February 22, 2014, by Stephen Mumford
Making Sense 1
Images hit the retina whenever our eyes are open. Mostly we let those images pass by, ignoring them in favour of more pressing thoughts. Sometimes an image deserves our attention and we take a perception, an action that makes sense of the visual manifold.
There is a special kind of perception that we can take: an aesthetic perception. There are many scenes before us but only a select few that we enjoy aesthetically. It can be a sunset beaming through the evening clouds, a view from a mountain top or a friend’s smile that pleases the eye. But it is the visual arts that actively encourage the taking of aesthetic perceptions. An everyday scene in a street may be used only to survey the route across the road. But put it in a frame and hang it in a gallery and that same scene has a very different use, one that invites purposeless observation and contemplation. The beliefs and intentions of the viewer determine what is seen and how it is seen. Seeing is an action – something we do and with respect to which we are active – rather than a passion, done unto us.
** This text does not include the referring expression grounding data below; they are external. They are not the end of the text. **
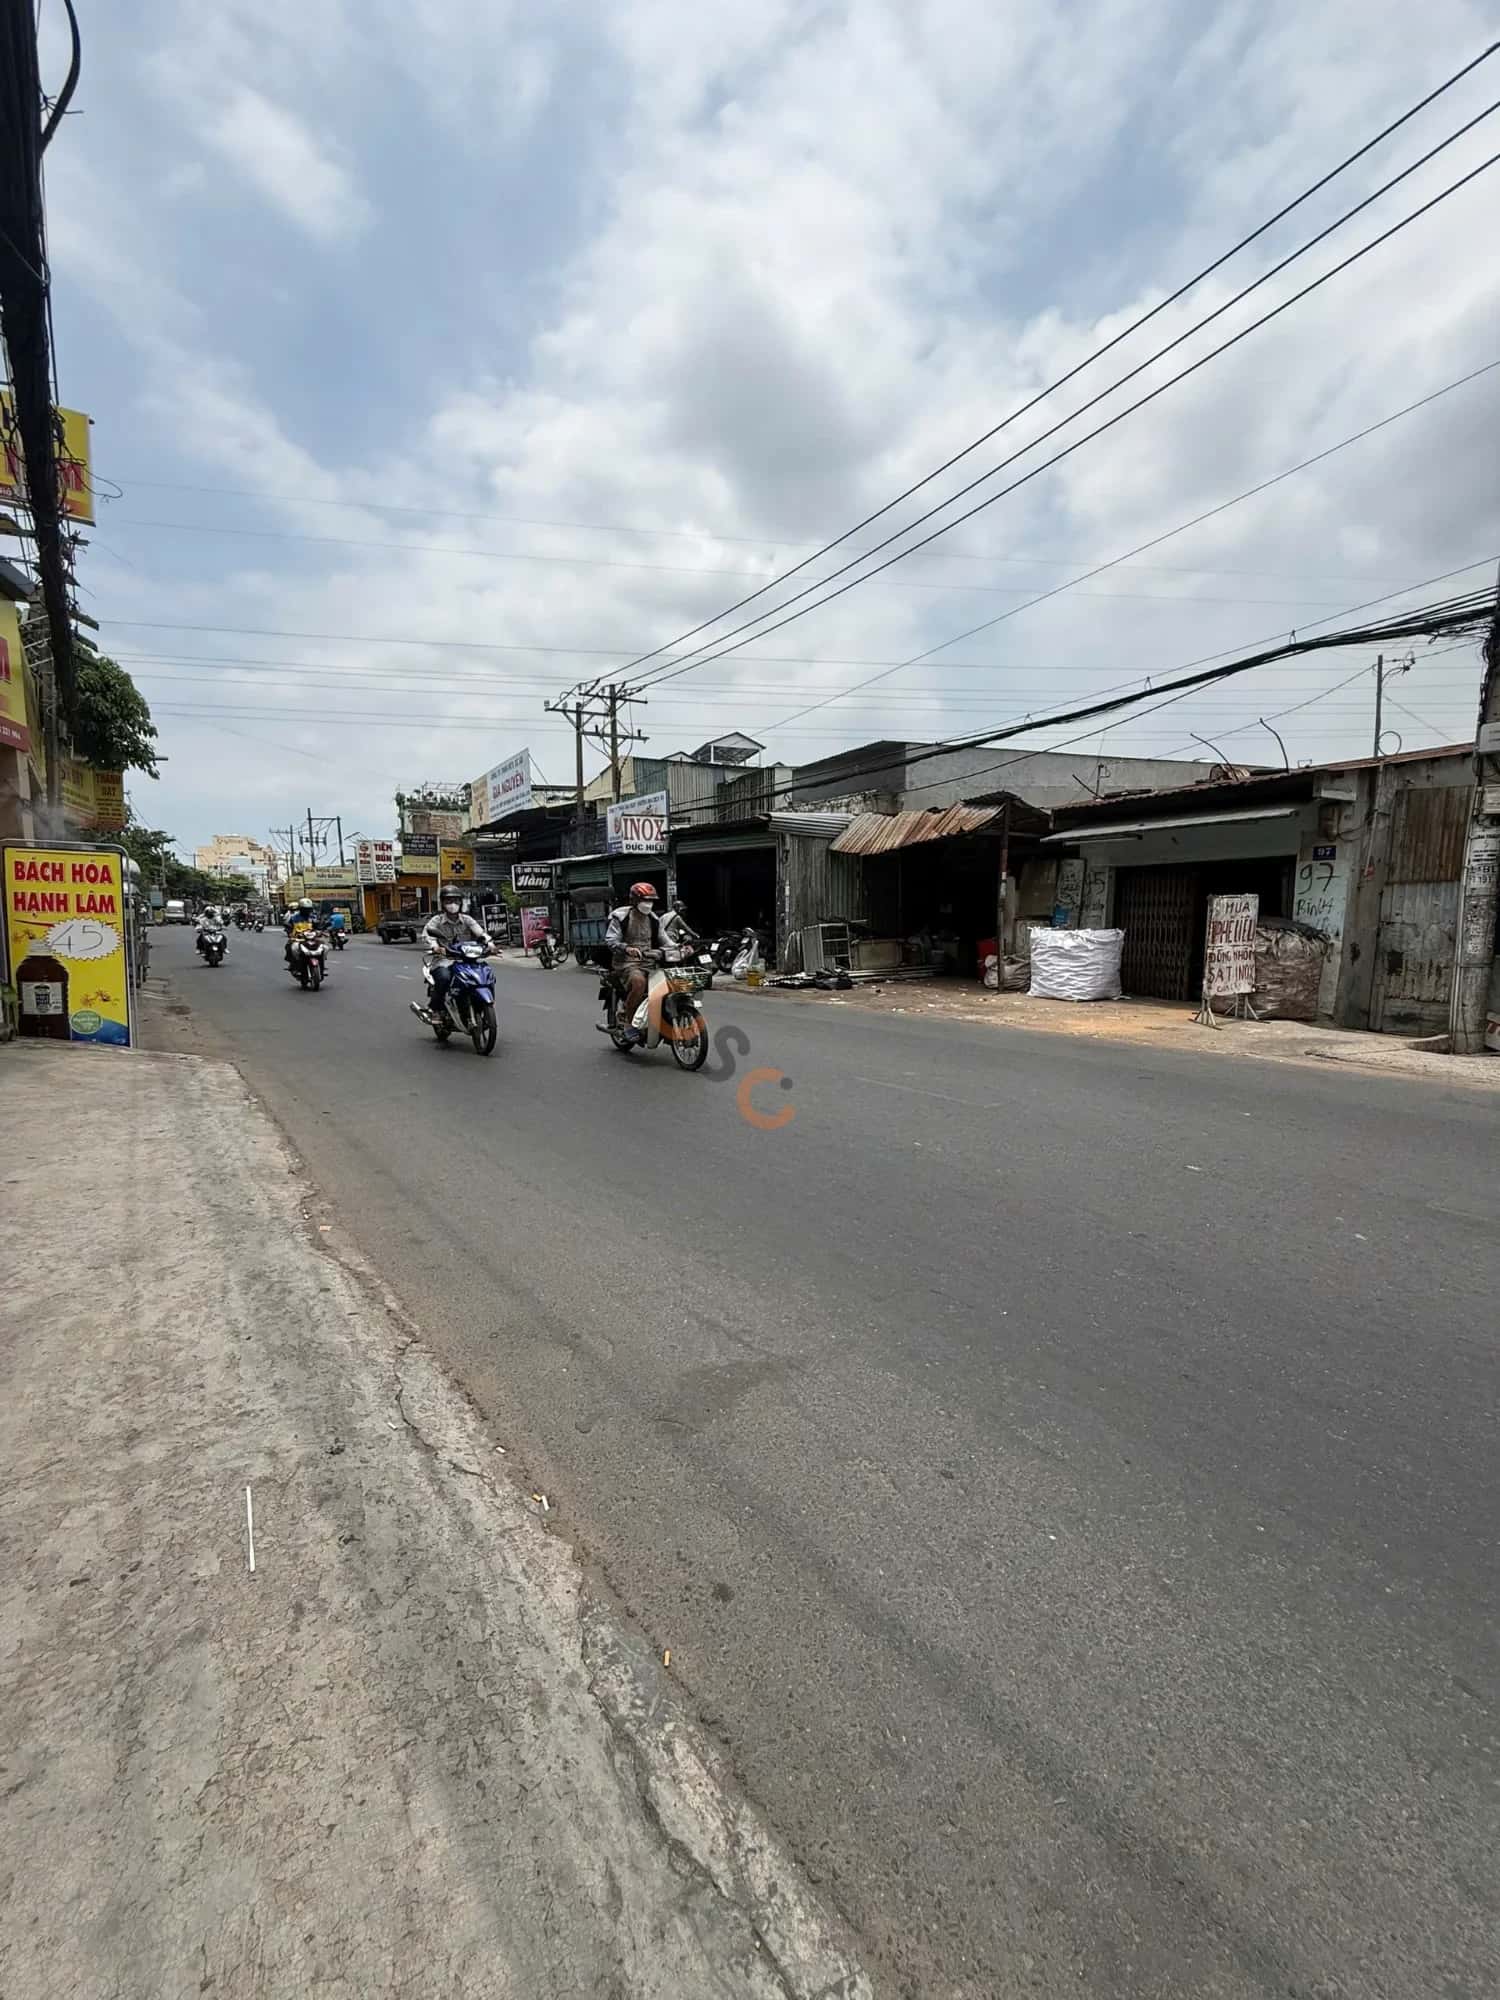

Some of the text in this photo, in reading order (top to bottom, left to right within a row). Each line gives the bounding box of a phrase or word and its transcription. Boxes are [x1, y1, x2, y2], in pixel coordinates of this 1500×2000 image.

[622, 818, 666, 841] INOX
[14, 857, 64, 881] BÁCH
[1298, 862, 1342, 895] 97
[13, 890, 116, 918] HẠNH LÂM
[50, 923, 104, 953] 45
The visual arts trade on the immediacy of the seen. A picture can paint at least a thousand words for it is often easier to show rather than to describe. And the image underdetermines any such words of description. The picture might not be only any empty chair. Perhaps it is Gauguin’s chair. But then where is Gauguin? Why did he leave and when will he return? Does it feel lonely? The picture depicts an emptiness, telling the story of an absence.
Much art comes to us through our eyes. It is not just painting, film, theatre and photography that we must learn to see. Most sculpture is primarily seen; galleries usually will not let us touch. And even dance – that most physical and embodied of arts – has its sense of movement and pose conveyed upon us through our visual experience. Full appreciation of the art comes only with the trained eye, when one knows for what one should look.
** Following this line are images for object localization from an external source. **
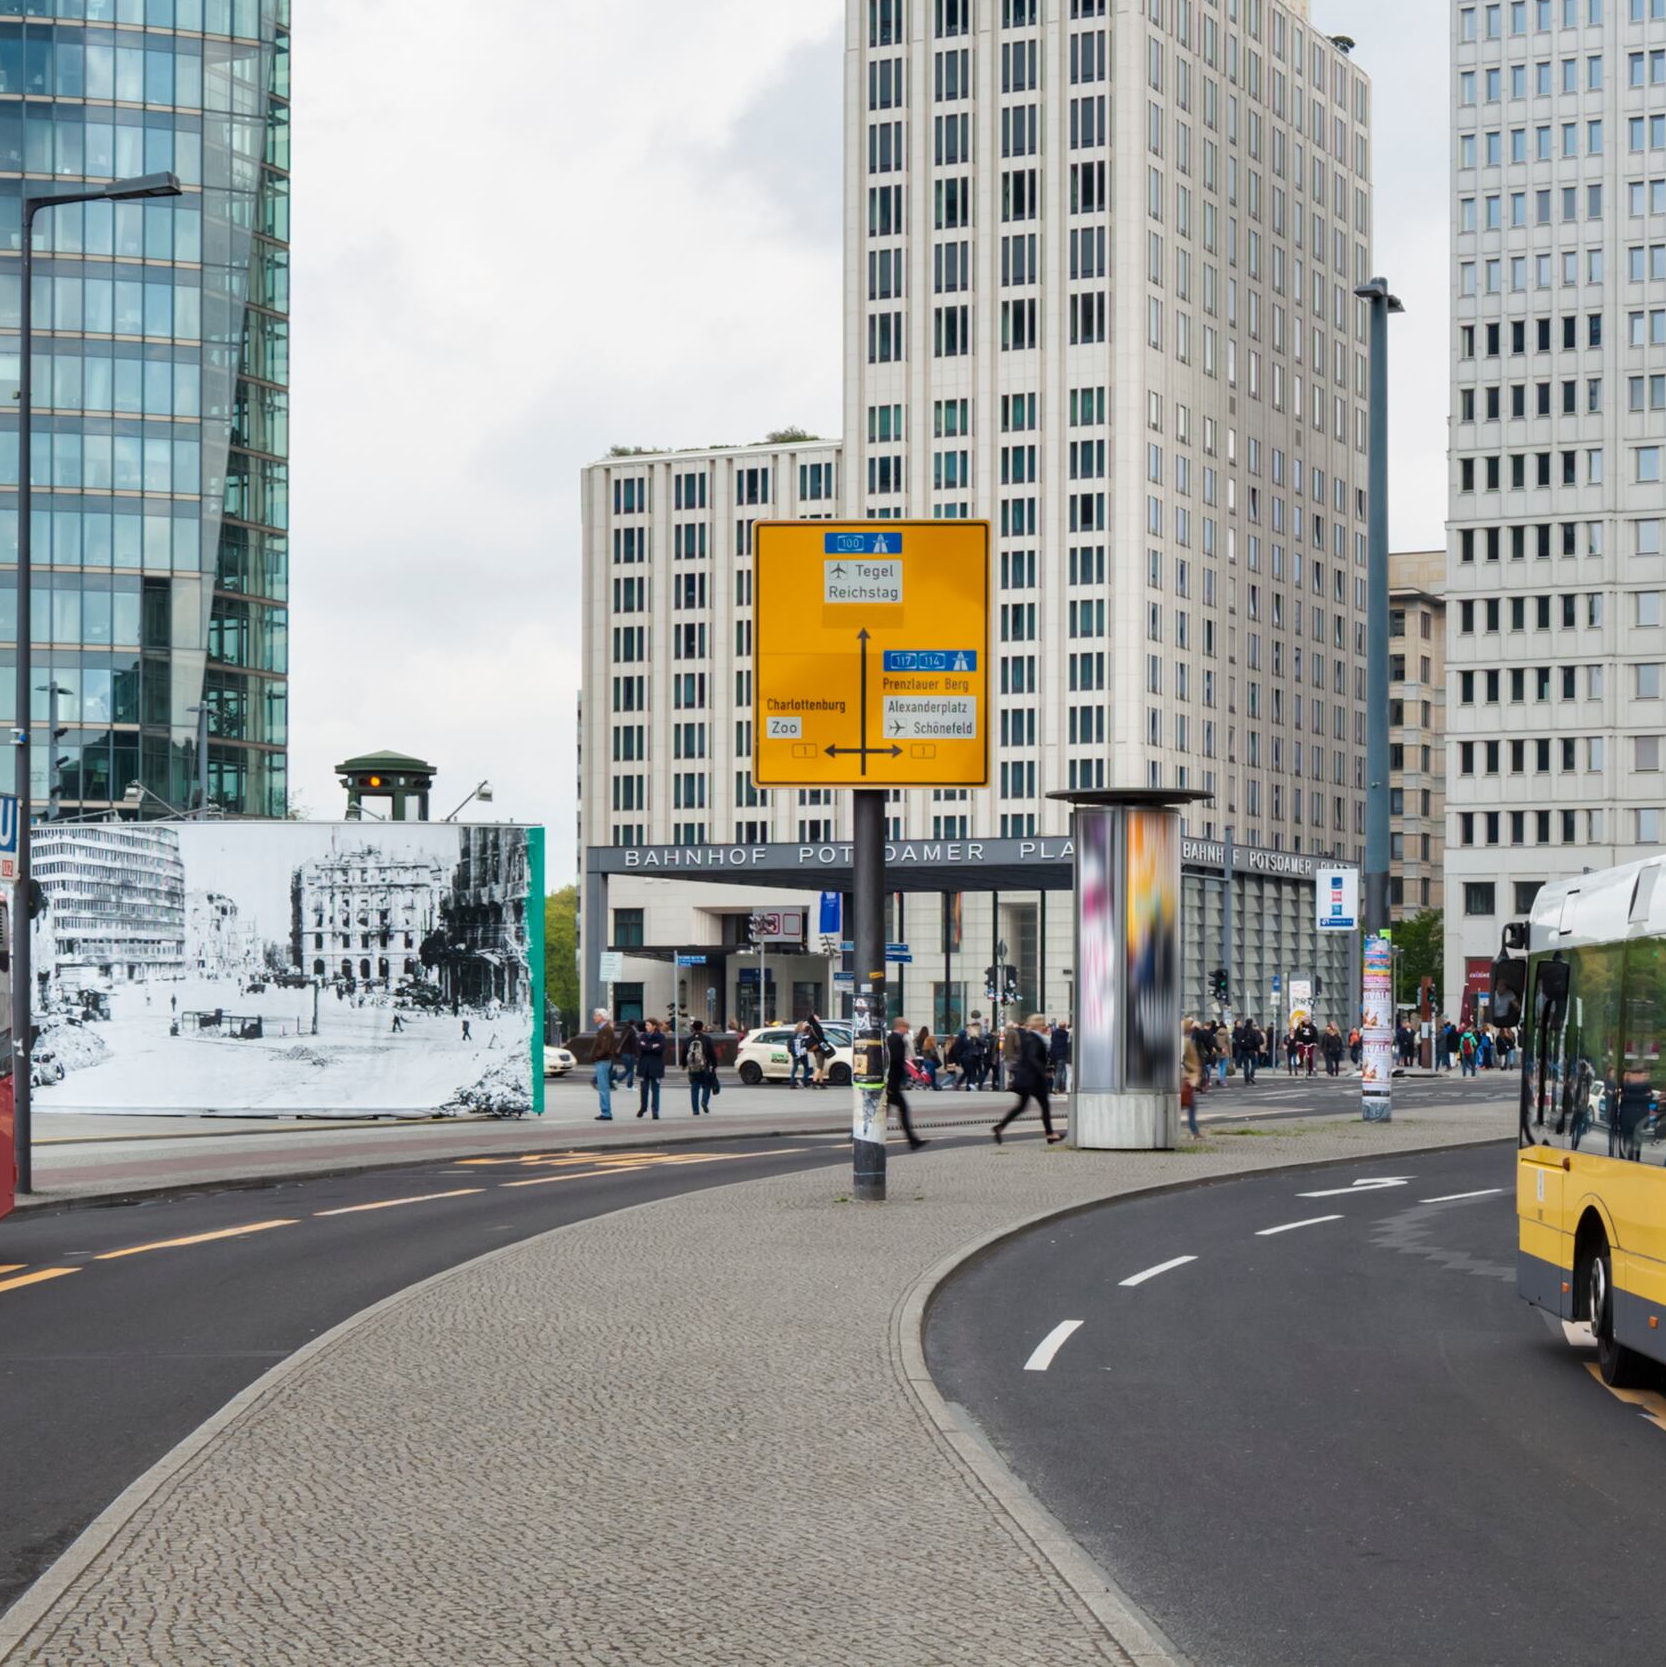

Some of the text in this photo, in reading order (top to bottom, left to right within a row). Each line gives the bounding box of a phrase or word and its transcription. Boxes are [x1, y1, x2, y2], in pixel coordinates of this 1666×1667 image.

[842, 538, 860, 548] 100
[855, 564, 894, 581] Tegel
[829, 585, 899, 602] Reichstag
[896, 656, 940, 666] 117 114
[883, 677, 969, 694] Prenzlauer Berg
[767, 697, 846, 714] Charlottenburg
[888, 700, 968, 717] Alexanderplatz
[772, 720, 798, 734] Zoo
[913, 721, 973, 735] Schönefeld
[624, 840, 1074, 868] BAHNHOF POTDAMER PLA
[1183, 837, 1312, 876] BAHNHF POTSDAMER
[3, 861, 13, 876] U2
In more innocent times John Berger assembled a book of essays, some of which were entirely pictorial and wordless (Ways of Seeing, 1972). Perhaps we are more likely now to be trampled under the unstoppable progress of empirical science, which sometimes would allow validity only to that which can be confirmed bythe senses. Berger showed that there really is more to seeing than meets the eye. Much depends on how we look, which in turn is determined by our often unnoticed presuppositions. If we want to understand this process better, and assist science in its search for perceptible truths, the visual arts are as good a place as any at which to start.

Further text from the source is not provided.